The GMB union has also claimed that oil and gas companies had benefited from tax breaks by taking decommissioning work abroad. It also said there had been inadequate investment in yards.
Scotland's Minister for Business, Innovation and Energy Paul Wheelhouse has urged the UK chancellor, Philip Hammond, to use his Autumn Statement this week to improve access to decommissioning tax relief.
What capacity could Scotland have for decommissioning in the future?
A: Oil and Gas UK said the supply chain in Scotland and in the rest of the UK needed to be improved.
It said the industry was working together to develop decommissioning solutions that would improve competiveness and comply with health, safety and environmental needs.
With £17.6k expected to be spent on decommissioning over the next ten years, and more than 80% of the activity not yet contracted out, Oil and Gas UK said there was opportunity to develop a competitive supply chain.
Many parts of the sector in Scotland claim to be preparing for an increase in end-of-life decommissioning work.
Lerwick Port Authority (LPA) on Shetland recently completed an £11.95m extension of its Dales Voe quay, creating 40,000 sq m of laydown space their workplace.
LPA also has future aspirations to construct an ultra-deep-water quay, but is "waiting for the market to ripen".
A 25,000 sq ft decommissioning facility is set to open at the Port of Dundee in early 2017. The facility is a partnership between Forth Ports and Augean North Sea Services.
Aberdeen Harbour is also progressing expansion plans, with a feasibility study proposing an expansion of Aberdeen Harbour into Nigg Bay,
The Montrose Port Authority has also said they could play a key part in the decommissioning process, if work was broken up into smaller parts. It said it had invested about £15m in the port since 2012.
What could decommissioning cost, and how much will taxpayers need to fund?
A: Oil and Gas UK's most recently published figures estimate the cost of decommissioning across the UK Continental Shelf (UKCS) as a whole would amount to circa £50bn over the next three decades and more. It said work was currently underway to "high-grade" this estimate.
Under UK rules, the taxpayer will foot half the total decommissioning bill through tax rebates.
However, the GMB said the bill could actually be more than £100bn, and that taxpayers may have to fund between 50 and 75% of that.
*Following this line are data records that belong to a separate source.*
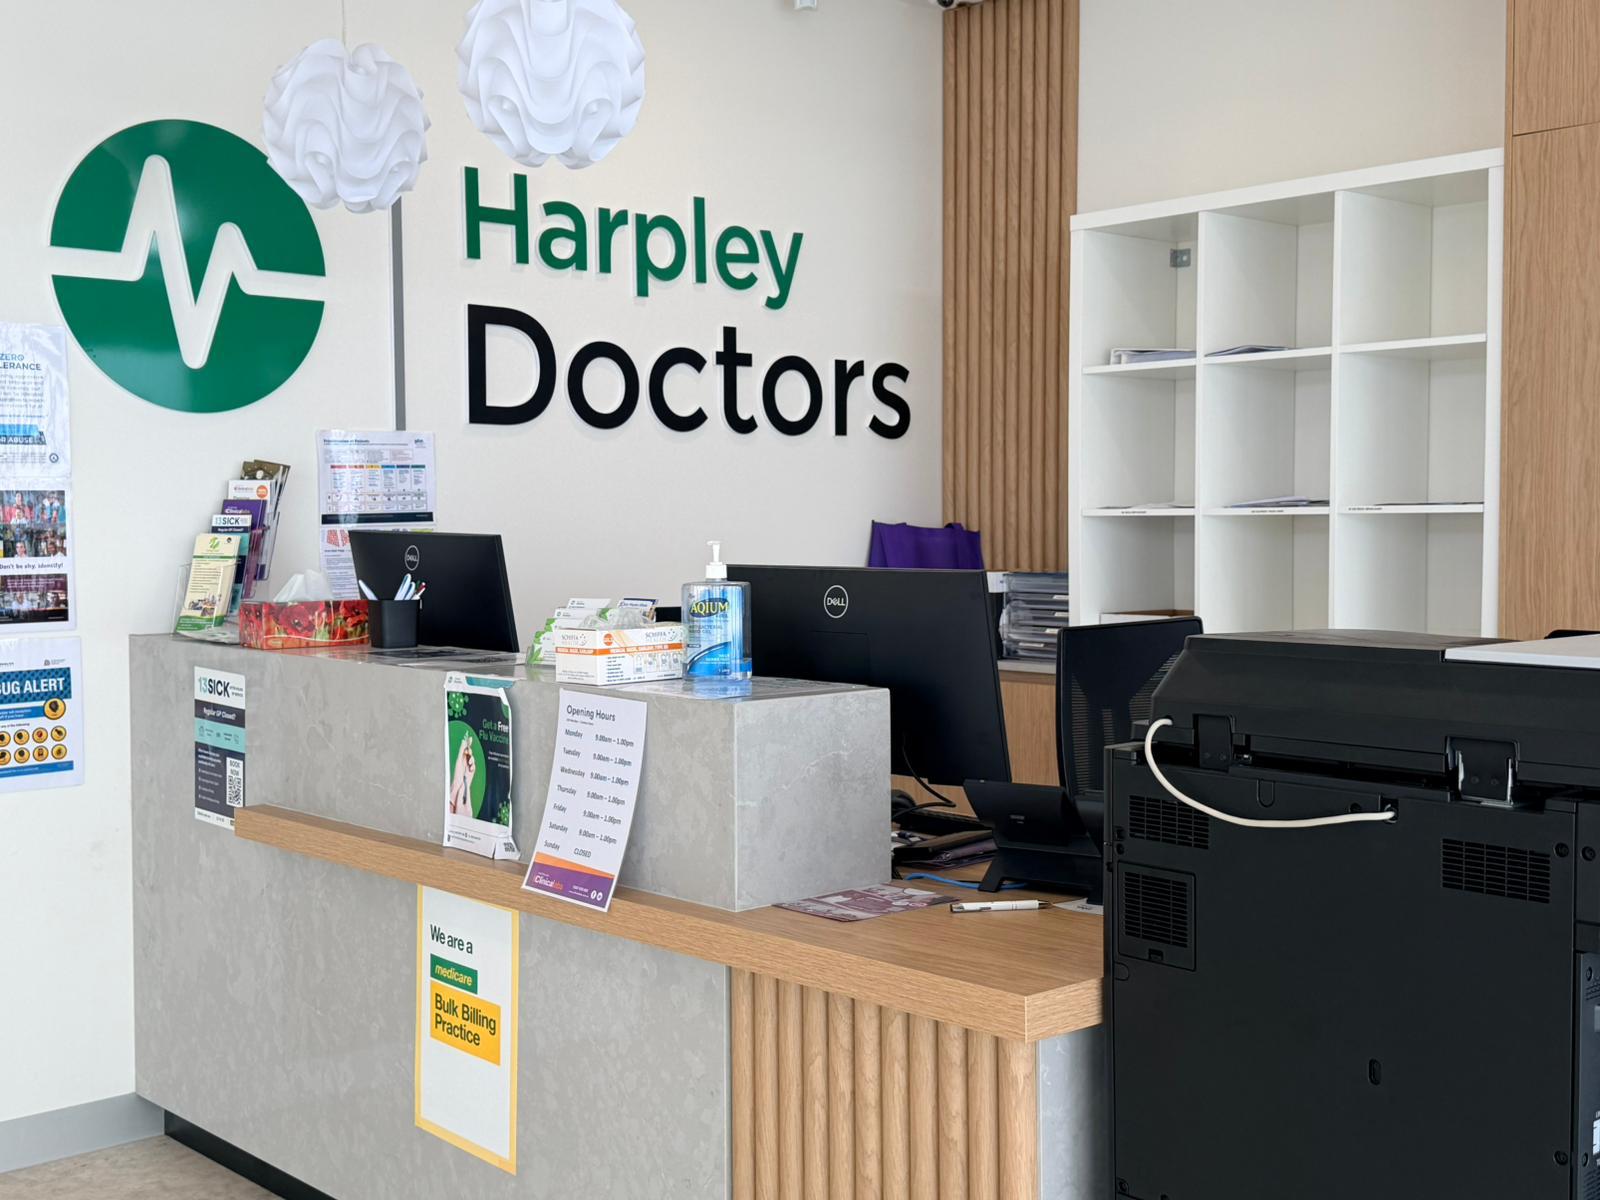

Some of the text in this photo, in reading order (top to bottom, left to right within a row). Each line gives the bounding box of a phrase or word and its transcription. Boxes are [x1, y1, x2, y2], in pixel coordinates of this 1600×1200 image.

[463, 166, 804, 310] Harpley
[466, 304, 912, 440] Doctors
[405, 554, 418, 562] DELL
[690, 601, 729, 615] AQIUM
[826, 597, 846, 606] DELL
[24, 677, 65, 694] ALERT
[199, 676, 230, 698] 13SICK
[566, 704, 595, 720] Opening
[596, 709, 616, 722] Hours
[497, 721, 509, 733] Free
[564, 729, 583, 740] Monday
[563, 747, 581, 758] Tuesday
[560, 766, 585, 777] Wednesday
[557, 784, 576, 795] Thursday
[553, 803, 567, 813] Friday
[549, 821, 568, 833] Saturday
[544, 840, 592, 858] Sunday CLOSED
[430, 924, 473, 954] We are a
[434, 964, 473, 987] medicare
[435, 992, 497, 1036] Bulk Billing
[434, 1013, 481, 1046] Practice
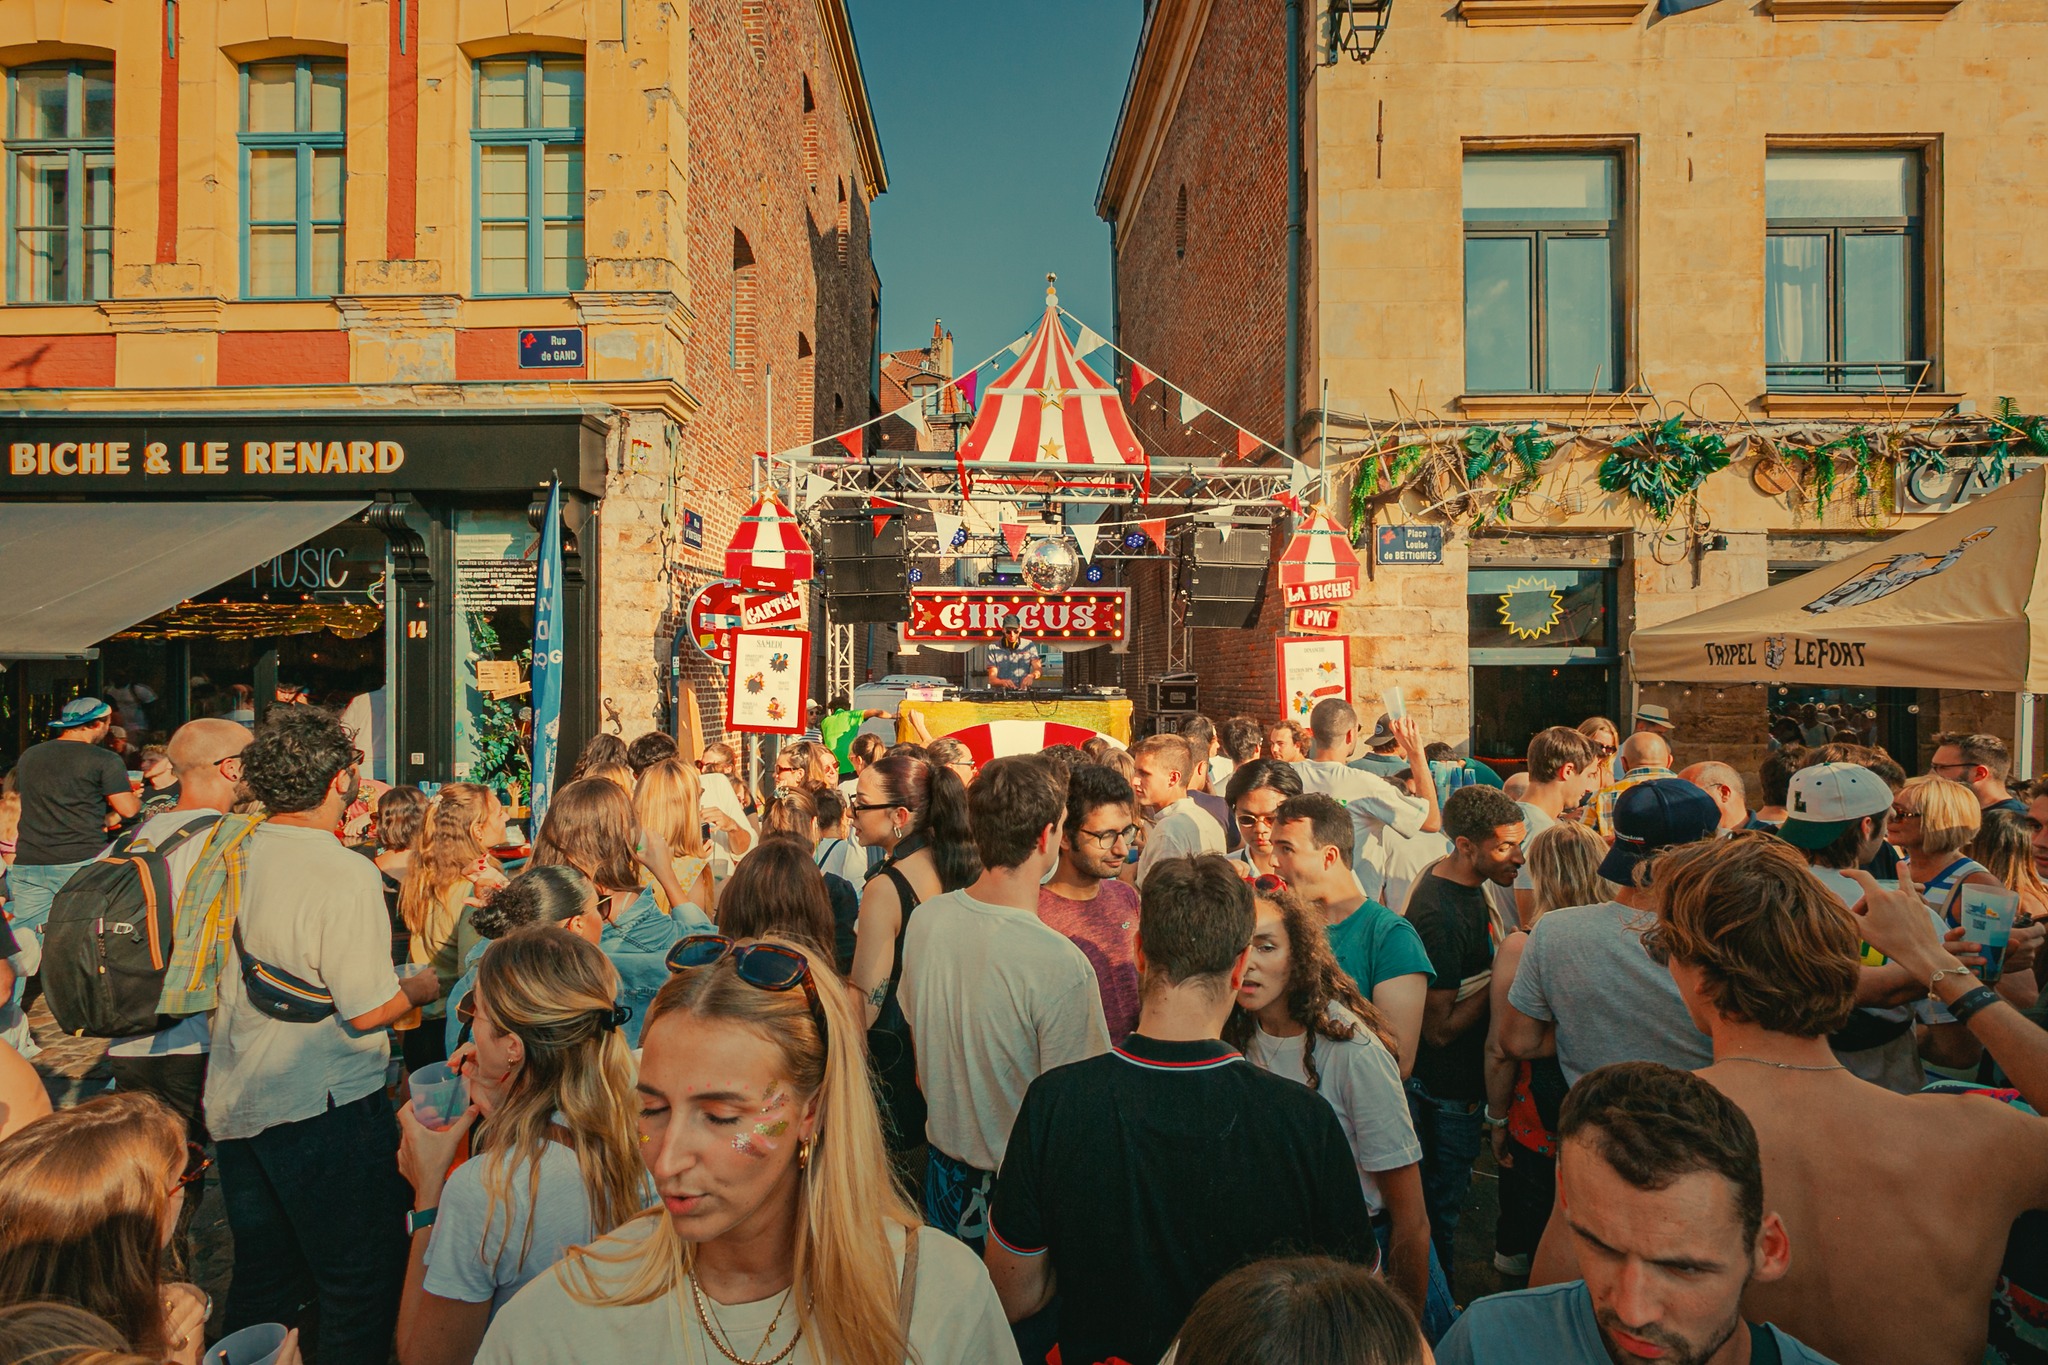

It said that some older fields were also subject to Petroleum Revenue Tax (PRT) and decommissioning costs on these could be carried back indefinitely.
This could mean there is the possibility of an additional 25% refund - so the combined bill for the taxpayer could be 75%.
Oil and Gas UK said tax relief would vary on a "field by field and company by company basis" and was covered by the UK Exchequer.